Verdi klagt gegen Sonntagsöffnung
Kein VOS während des „Zintemaats“
Meckenheim. Die Dienstleistungsgewerkschaft Verdi hat Antrag auf einstweilige Anordnung gegen die Öffnung der Geschäfte in der Altstadt anlässlich des Meckenheimer „Zintemaats“ am 9. Dezember eingereicht.
Die Antragsschrift von Verdi wurde seitens des Verwaltungsgerichts Köln am Freitag vergangener Woche nach Dienstschluss an die Stadt Meckenheim per Fax weitergeleitet.
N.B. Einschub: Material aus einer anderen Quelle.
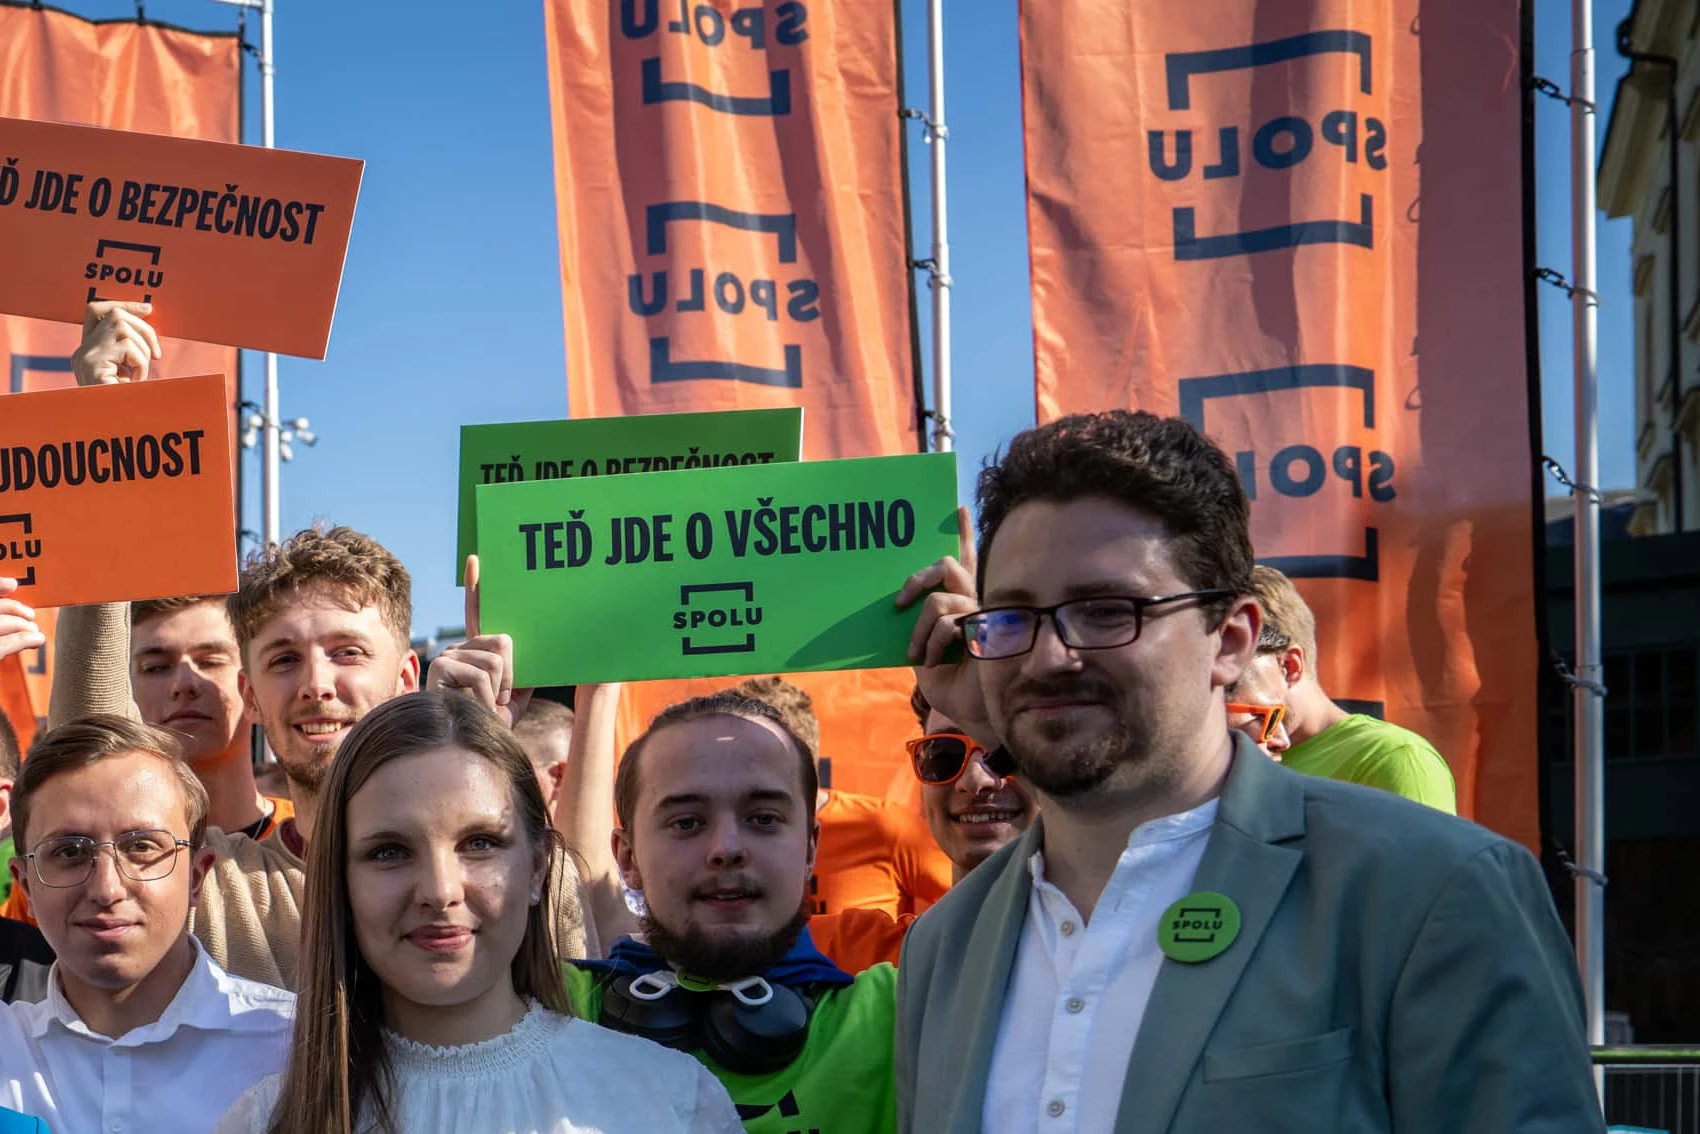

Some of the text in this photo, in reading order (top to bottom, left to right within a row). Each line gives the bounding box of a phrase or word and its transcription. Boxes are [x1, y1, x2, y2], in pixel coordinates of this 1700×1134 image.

Zeit für eine Antragserwiderung hatte die Verwaltung bis vergangenen Dienstagmorgen, 10 Uhr. Dieser Aufforderung ist sie - trotz der äußerst knappen Frist - zeitgerecht nachgekommen. Bürgermeister Bert Spilles zeigte sich verärgert über das Vorgehen von Verdi: „Das Verhalten der Gewerkschaft trifft besonders die vielen inhabergeführten Geschäfte in der Meckenheimer Altstadt und ist insbesondere im Hinblick auf die Kurzfristigkeit zu missbilligen.“
Die Stadt Meckenheim wird auch in Absprache mit dem Meckenheimer Verbund im Rahmen des Verfahrens und auch in direkten Gesprächen mit Verdi alles versuchen, um den verkaufsoffenen Sonntag für den „Zintemmat“ doch noch zu „retten“.
Pressemitteilung
Stadt Meckenheim
Aufgrund der möglichen Absage hat der Meckenheimer Verbund e.V. kurzfristig ein sogenanntes „Candelight Shopping“ am Montag, 10. Dezember von 18 - 20 Uhr organisiert. Der Meckenheimer Verbund möchte die Einzelhändler entlang der Hauptstraße, die die Absage des VOS in erster Linie betrifft, unterstützen und wird Alternativaktionen anbieten.
Währen des „Zintemaats“ und bei den Einzelhändlern in der Hauptstraße erhält man einen Flyer. Man füllt ihn aus, gibt ihn während des „Candlelight Shoppings“ ab und nimmt damit an einer Verlosung teil. Gewinne locken in Form von Gutscheinen über 20, 50, 100 und 250 Euro.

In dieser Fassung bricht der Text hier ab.